O abismo entre as universidades e o mercado de trabalho: uma realidade cada dia mais assustadora no Brasil. Estudo recente divulgado pela Fundação Getulio Vargas (FGV) revela um cenário alarmante sobre a vulnerabilidade dos jovens brasileiros durante a pandemia causada pelo coronavírus. De acordo com os dados da pesquisa, a porcentagem daqueles que não estão no mercado de trabalho e também não estão estudando bateu recorde e chegou aos preocupantes 29,33%. Esse número significa que a cada 100 jovens, 29 não estão trabalhando, e nem estudando. Este ano, certamente teremos números pouco animadores.
Com um olhar mais atento, podemos perceber que a empregabilidade dos jovens — ou a falta dela — não é um resultado de um período pandêmico, mas sim um problema antigo. Mesmo em 2019, um ano antes de estourar a pandemia, 41,8% da população de 18 a 24 anos fazia parte do grupo dos subutilizados, ou seja, estavam desempregados, desistiram de procurar emprego ou tinham disponibilidade para trabalhar por mais horas na semana.
Aqui chegamos ao ponto de inflexão da questão. Pode ficar cada vez pior se o abismo entre a universidade e o mercado de trabalho não sofrer mudanças significativas nos próximos anos. Uma pesquisa realizada pela Gallup apresenta esse cenário.
Enquanto 96% dos gestores acadêmicos acreditam que a formação acadêmica atual é adequada para suprir as necessidades do mundo do trabalho, apenas 11% dos líderes empresariais, ou seja, quem está na ponta do setor produtivo, acreditam que a formação acadêmica é adequada.
Esse foi um levantamento realizado nos EUA, que sabemos que está muito à frente em termos de educação do que o Brasil.
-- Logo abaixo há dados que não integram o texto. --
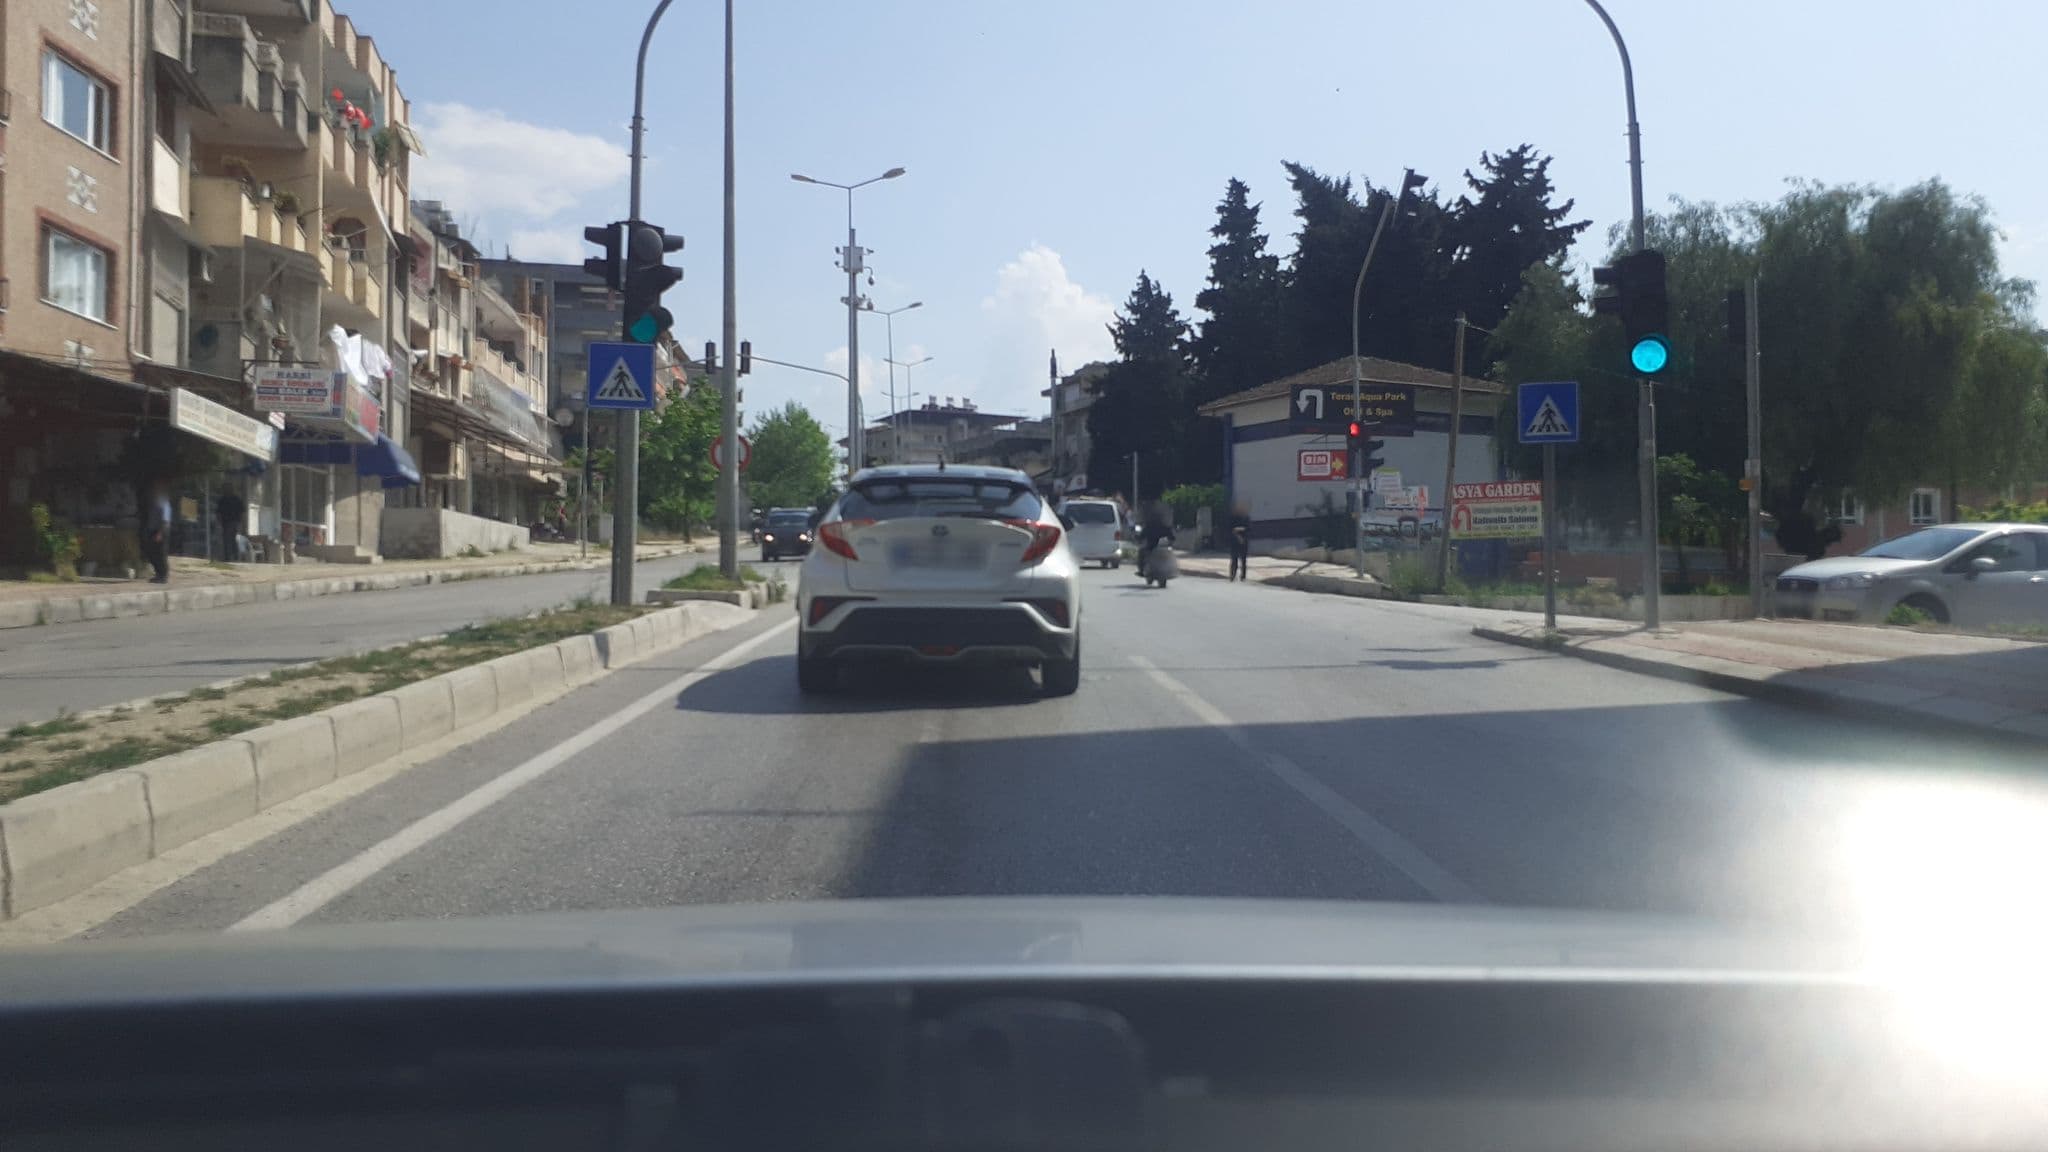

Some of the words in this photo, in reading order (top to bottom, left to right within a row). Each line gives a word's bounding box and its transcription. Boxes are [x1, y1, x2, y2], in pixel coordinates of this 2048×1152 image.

[1359, 392, 1382, 402] Aqua
[1384, 392, 1406, 400] Park
[1343, 407, 1362, 415] Otl
[1375, 408, 1393, 416] Spa
[1485, 482, 1541, 497] GARDEN
Para termos uma ideia, enquanto os americanos emplacaram em 2021, três universidades entre as cinco melhores do ranking internacional da QS Quacquarelli Symonds, empresa de análise do Ensino Superior, o Brasil só aparece na 121ª posição, com a Universidade de São Paulo (USP). Entretanto, existem pesquisas brasileiras que também apontam esse gap entre academia e trabalho no Brasil.
A Educa Insights elaborou uma pesquisa no primeiro trimestre de 2021 para entender o que os gestores educacionais, estudantes e líderes empresariais pensam sobre o nível de preparo dos recém-formados para exercer sua profissão. Enquanto mais de 60% dos estudantes e gestores acadêmicos acreditam que preparam e estão preparados para exercer as suas profissões, apenas 39% dos líderes empresariais acreditam que o preparo é adequado.
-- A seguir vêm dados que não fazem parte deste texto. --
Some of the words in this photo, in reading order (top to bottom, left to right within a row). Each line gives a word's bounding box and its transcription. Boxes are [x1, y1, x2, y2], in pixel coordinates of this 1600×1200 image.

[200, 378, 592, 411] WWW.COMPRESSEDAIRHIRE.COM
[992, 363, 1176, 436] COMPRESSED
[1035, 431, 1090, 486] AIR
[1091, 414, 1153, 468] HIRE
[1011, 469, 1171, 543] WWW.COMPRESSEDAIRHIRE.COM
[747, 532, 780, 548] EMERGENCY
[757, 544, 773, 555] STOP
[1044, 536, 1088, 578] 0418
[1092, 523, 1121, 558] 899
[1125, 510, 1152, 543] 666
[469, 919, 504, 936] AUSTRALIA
Além disso, a pesquisa destaca que os líderes empresariais acreditam que mais de 70% das faculdades hoje no Brasil ofertam disciplinas muito distantes das necessidades do mercado de trabalho e que mais de 50% dos gestores acadêmicos e estudantes reconhecem ter poucas aulas práticas em suas instituições de ensino, e poucas parcerias com o setor produtivo.
Por outro lado, quando se questiona aos gestores educacionais se fariam alguma alteração nas suas grades curriculares atuais para melhor adequá-la às demandas do mercado de trabalho, 75% respondem que sim.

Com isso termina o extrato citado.